Penn State graduate transfer Juwan Johnson (6-4) and redshirt freshman Bryan Addison (6-5) have the size to be breakout stars. The touted 2019 recruiting class includes receivers Mycah Pittman, Josh Delgado, JR Waters and Lance Wilhoite.

“Every day is going to be a competition for me. It’s a revolving door for me,” new wide receivers coach Jovon Bouknight said during spring practice. “If I see some things I don’t like, next guy.”

Oregon returns 10 starters on offense, including the familiar first-string line of Penei Sewell (left tackle), Shane Lemieux (left guard), Jake Hanson (center), Dallas Warmack (right guard) and Calvin Throckmorton (right tackle).

At Pac-12 media day, Cristobal mentioned Brady Aiello, Steven Jones and Alex Forsyth as players who could push the incumbents for starting spots.

A trio of sophomore running backs — CJ Verdell (1,018 yards, 10 touchdowns), Travis Dye (739 yards, four touchdowns) and Cyrus Habibi-Likio (36 yards, seven touchdowns) — will compete for carries with a healthy Darrian Felix and true freshmen Sean Dollars and Jayvaun Wilson.

Herbert also expects to benefit from having Marcus Arroyo calling the plays for the second consecutive season.

“It's really huge to have the same offensive coordinator, the same coach for a couple years in a row,” said Herbert, who had Matt Lubick (2016) and Willie Taggart (2017) as play-callers early in his career. “Going into doing a new year with new offensive stuff, you have to get everyone dialed up to speed.
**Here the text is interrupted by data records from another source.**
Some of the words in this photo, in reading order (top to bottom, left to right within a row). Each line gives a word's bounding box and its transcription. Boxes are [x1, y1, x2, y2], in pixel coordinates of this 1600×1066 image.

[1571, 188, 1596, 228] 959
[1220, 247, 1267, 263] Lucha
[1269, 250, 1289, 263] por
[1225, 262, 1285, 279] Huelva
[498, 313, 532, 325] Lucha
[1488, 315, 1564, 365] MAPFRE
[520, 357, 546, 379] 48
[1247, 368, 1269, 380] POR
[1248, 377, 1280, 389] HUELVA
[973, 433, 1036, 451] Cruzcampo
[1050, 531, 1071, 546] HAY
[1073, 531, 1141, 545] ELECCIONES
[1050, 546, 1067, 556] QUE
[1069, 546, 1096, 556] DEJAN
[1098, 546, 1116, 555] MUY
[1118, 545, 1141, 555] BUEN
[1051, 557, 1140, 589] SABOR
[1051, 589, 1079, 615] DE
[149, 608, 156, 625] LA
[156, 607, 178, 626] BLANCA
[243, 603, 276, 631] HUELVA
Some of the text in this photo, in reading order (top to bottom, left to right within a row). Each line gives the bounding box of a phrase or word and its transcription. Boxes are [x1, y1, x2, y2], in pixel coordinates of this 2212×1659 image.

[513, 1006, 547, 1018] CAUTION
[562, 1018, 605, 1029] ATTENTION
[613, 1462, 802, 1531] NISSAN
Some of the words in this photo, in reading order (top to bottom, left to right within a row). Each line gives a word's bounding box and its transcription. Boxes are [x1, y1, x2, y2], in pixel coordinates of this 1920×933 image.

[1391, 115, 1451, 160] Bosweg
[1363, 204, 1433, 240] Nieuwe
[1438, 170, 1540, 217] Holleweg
And with this year, we're able to kind of teach these young guys that this is the way we do the things. It's not a whole lot of time spent learning a new offense, it's teaching.

“We keep adding more and more film each year. We've got more plays going in.”

The other critical storyline for the Ducks during camp is Andy Avalos replacing Jim Leavitt.

The new defensive coordinator, whose Boise State unit came out on top of Herbert and Co. in the 2017 Las Vegas Bowl, inherits seven returning starters and welcomes some blue-chip prospects.

Senior linebacker Troy Dye, the team’s top tackler the past three seasons, is the returning headliner.

Five-star defensive end prospect Kayvon Thibodeaux and his classmates join an experienced defensive line that returns Jordon Scott, Drayton Carlberg, Austin Faoliu, Gus Cumberlander and Gary Baker.

“Our players are just excited to get the opportunity to get into this fall camp as a complete family now, because before we felt like we we hadn't had the full alignment of bodies,” defensive line coach Joe Salave’a said of the improved depth. “I think with the leadership and the veterans that have been here, now seeing the infusion of the young class here, together it's going to be exciting.”

Oregon has two solid returning cornerbacks in Thomas Graham and Deommodore Lenoir. Sophomore Kahlef Hailassie and freshman Mykael Wright will be hard to keep off the field.

Replacing the leadership of safety Ugo Amadi, now making big plays at the Seattle Seahawks training camp, will be important for the secondary entering the season.

“Ugo was a great player, it’s going to be hard to replace him, but I really think we have the talent here to do it,” safties coach Keith Heyward said. “We’re not going to force that on anybody else.”

Herbert and Dye, the two faces of the program that went through the dark final days of the Mark Helfrich era and the heartbreak of Taggart’s abrupt departure together, are looking forward to the opportunity to get the program back in the national spotlight.

“We had a bunch of older guys last year like Ugo, Justin Hollins, Jalen (Jelks), so guys stepped up and showed us the way,” Herbert said. “So I think Troy and I have done a good job of kind of taking it and moving on with it.”